SECONDO INDIZIO: VOCI DI MERCATO – Ci si potrebbe chiedere, a questo punto, che senso abbia l’affannosa rincorsa ad un terzino di fascia prepotente, primo nome sul taccuino Balzaretti, per cui bisognerà superare le resistenze di Zamparini. Presto detto, non avete  visto la Nazionale azzurra: tre centrale, e due esterni capaci di esprimersi degnamente in tutte e due le fasi, di muoversi con disinvoltura avanti e indietro lungo tutta la fascia. Dunque a sinistra Balzaretti, a destra non resta che mettere Konko, ambedue perfettamente in grado di coprire i due ruoli. Il nodo vero riguarda il centrocampo. L’Italia, ultimi freschi scampoli di calcio giocato rimasti intrappolati negli occhi, schierava De Rossi e Pirlo, con compiti ben diversi, l’uno di rottura (non di menischi, di manovre avversarie chiaramente), l’altro di impostazione, a protezione di Montolivo trequartista. Ma si sa, a Petkovic quest’affaire delle due punte non è che piaccia granchè, quindi se dovesse schierare 3 attaccanti, rimarrebbe fuori giocoforza il trequartista, a meno di non voler giocare a rombo. Senza rombo, Ledesma e Cana (ammesso che l’albanese sia titolare in qualche mondo possibile che non sia la testa di Tare che l’ha fortemente voluto), o Ledesma ed un nuovo  acquisto, mister x, sulla mediana.

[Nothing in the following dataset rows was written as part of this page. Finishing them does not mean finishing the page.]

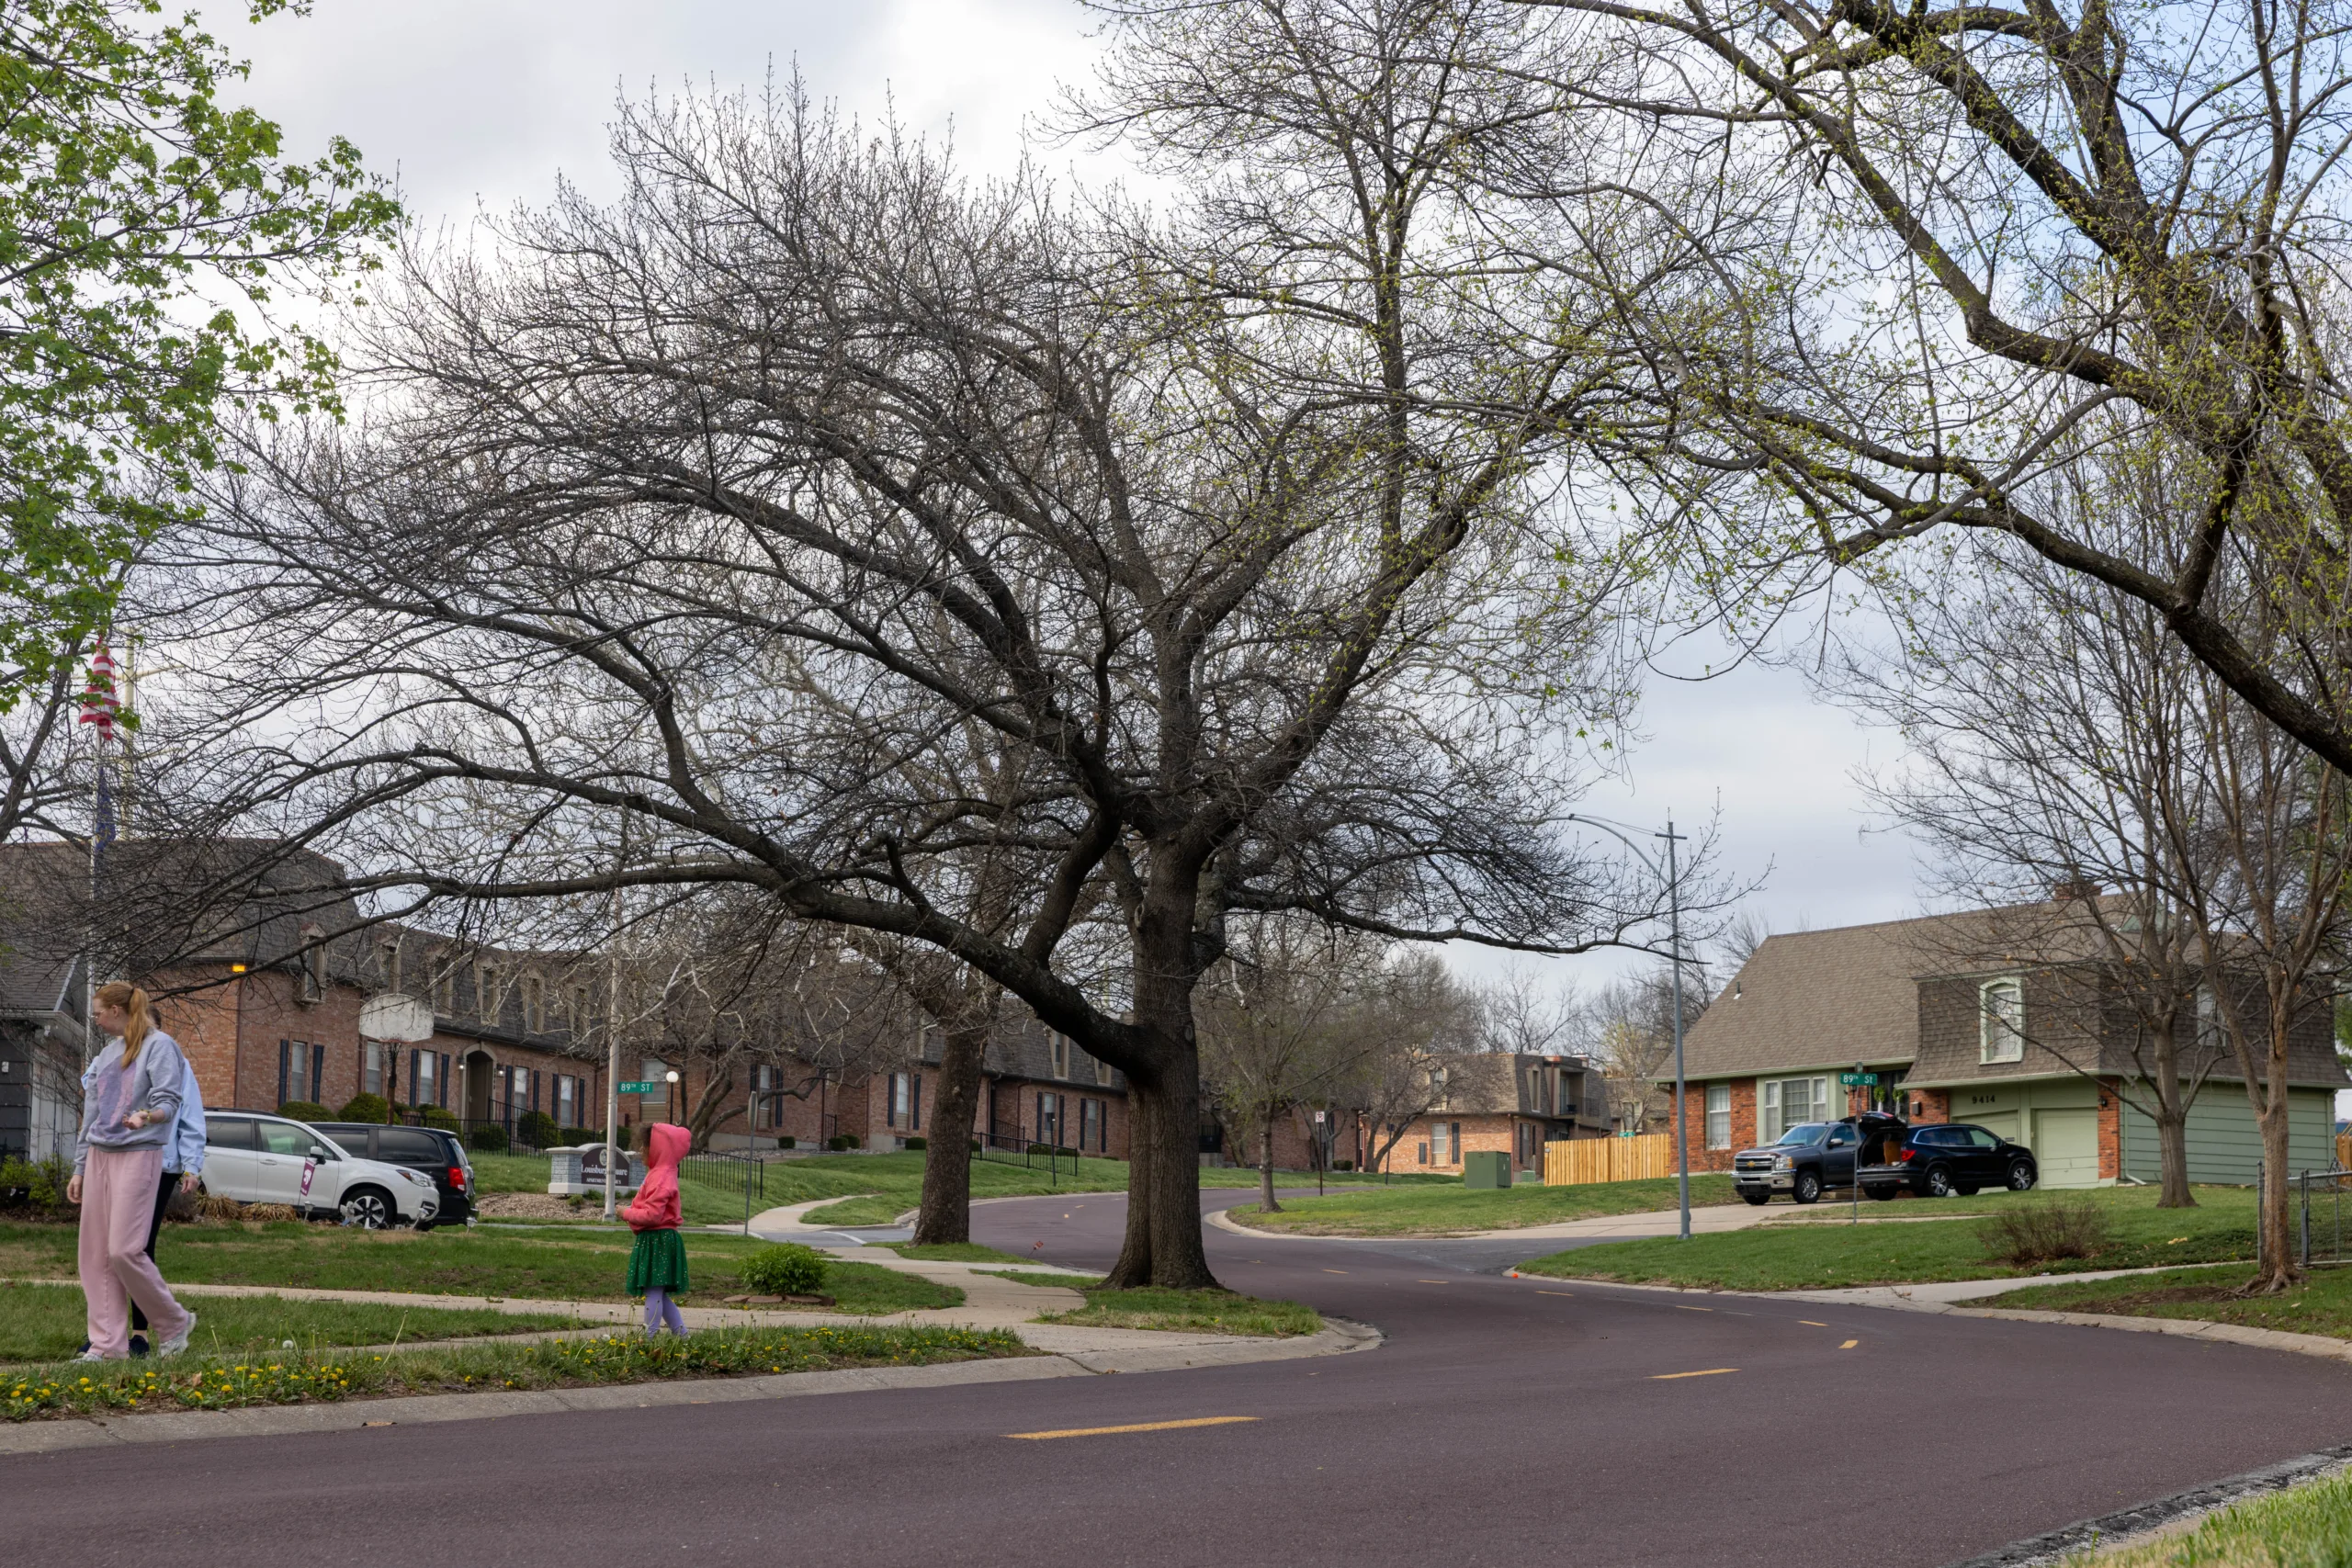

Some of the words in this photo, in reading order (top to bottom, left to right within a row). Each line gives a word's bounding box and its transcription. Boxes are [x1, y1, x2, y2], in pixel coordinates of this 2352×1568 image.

[1864, 1075, 1873, 1084] St
[640, 1083, 650, 1091] ST
[1972, 1095, 1996, 1104] 9414
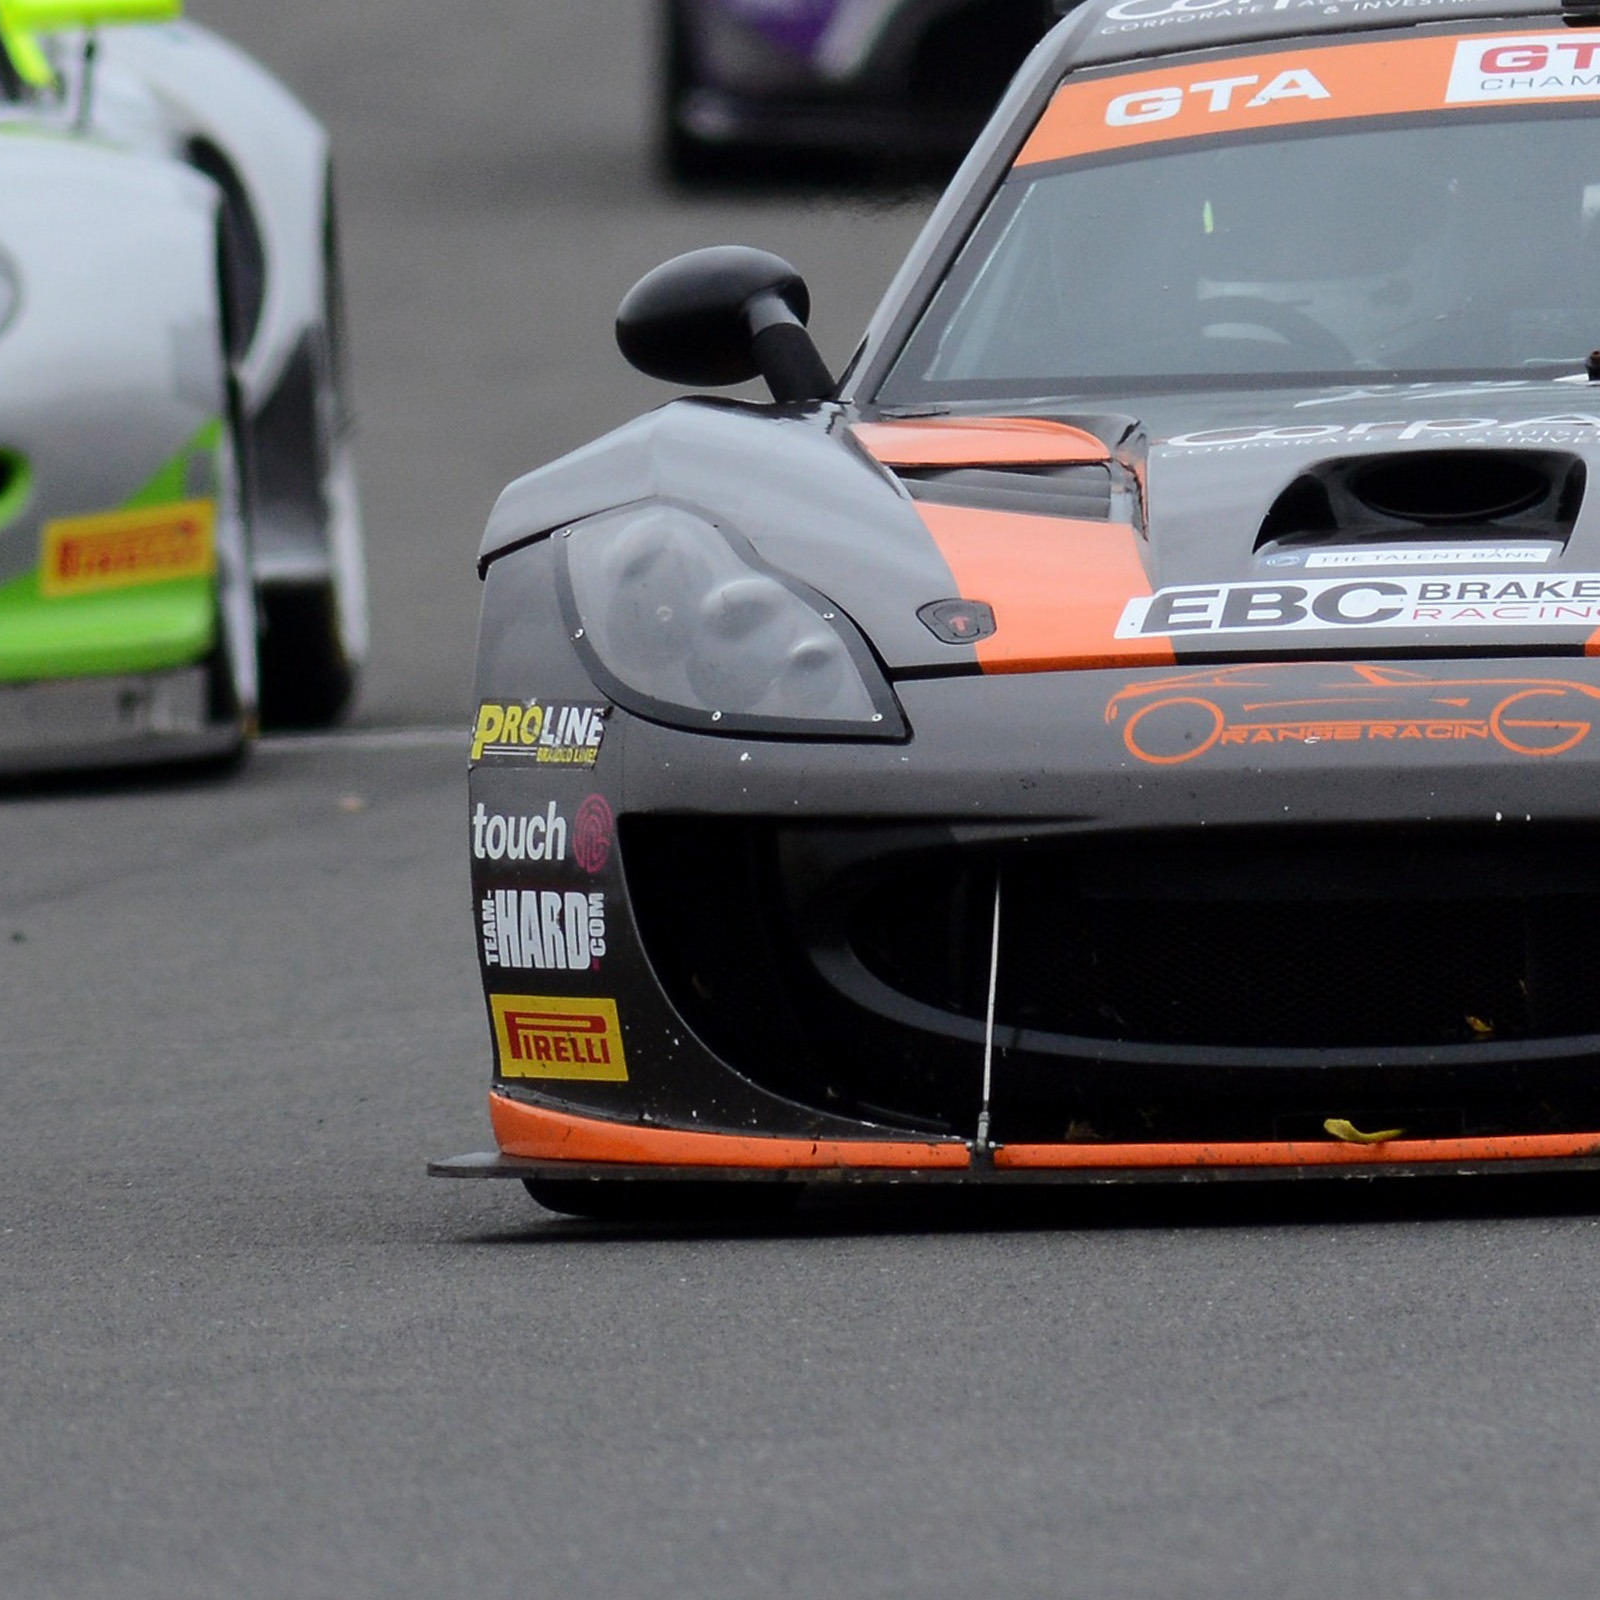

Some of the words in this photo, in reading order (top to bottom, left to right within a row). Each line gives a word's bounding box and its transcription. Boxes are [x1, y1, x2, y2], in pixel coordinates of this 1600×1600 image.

[1101, 4, 1267, 35] CORPORATE
[1322, 3, 1340, 16] &
[1104, 67, 1330, 127] GTA
[1140, 580, 1408, 634] EBC
[473, 800, 567, 861] touch
[495, 889, 591, 971] HARD
[504, 1010, 611, 1065] PIRELLI

TERZO INDIZIO: PETKOVISIONE – Nella Petkovisione del mondo, non è possibile che Lulic giochi in altro ruolo se non terzo d’attacco. Se proprio Zamparini dovesse fare le bizze, lo dirotterebbe più indietro, ma lo sogna in attaco, ad affiancare Klose ed Yilmaz. Il tedesco, si sa, ama proporsi per lo scambio, anche arretrare, il turco in tutti i video di You Tube (siamo anche un popolo di osservatori, oltre che di allenatori, e You Tube è il primo metodo per conoscere un giocatore nuovo che ogni tifoso che si rispetti utilizza) dimostra di avere corsa e scatto, tanto da poter giocare anche terza punta. Ovviamente, non è escluso che si ricorra ad Ederson davanti, con Lulic arretrato sulla mediana, oppure che si decida per il fattore “Montolivo”, facendo in modo che uno tra il neocomunitario e Hernanes giostrino dietro le punte. Certo è che il talento di Recife nella nostra ipotetica formazione, senza fattore M, rimarrebbe clamorosamente fuori, certo è che se la Lazio dovesse disputare l’Europa le partite sarebbero molte, e le possibiltà di giostrare i protagonisti ancor di più. La panchina è bollente, forse per il caldo, forse perché ci siamo spinti troppo in là: alziamoci, tanto sarà il tempo, i primi allenamenti, le amichevoli estive a darci ragione, o a sconfessarci clamorosamente. Tolto il berretto, la cravattina o la tuta biancoceleste, tre indizi tra le mani, per cercare di capire la Lazio che verrà, dopotutto potrebbero anche essere semplicemente la prova che questo caldo ci ha dato alla testa. Non ci resta che aspettare.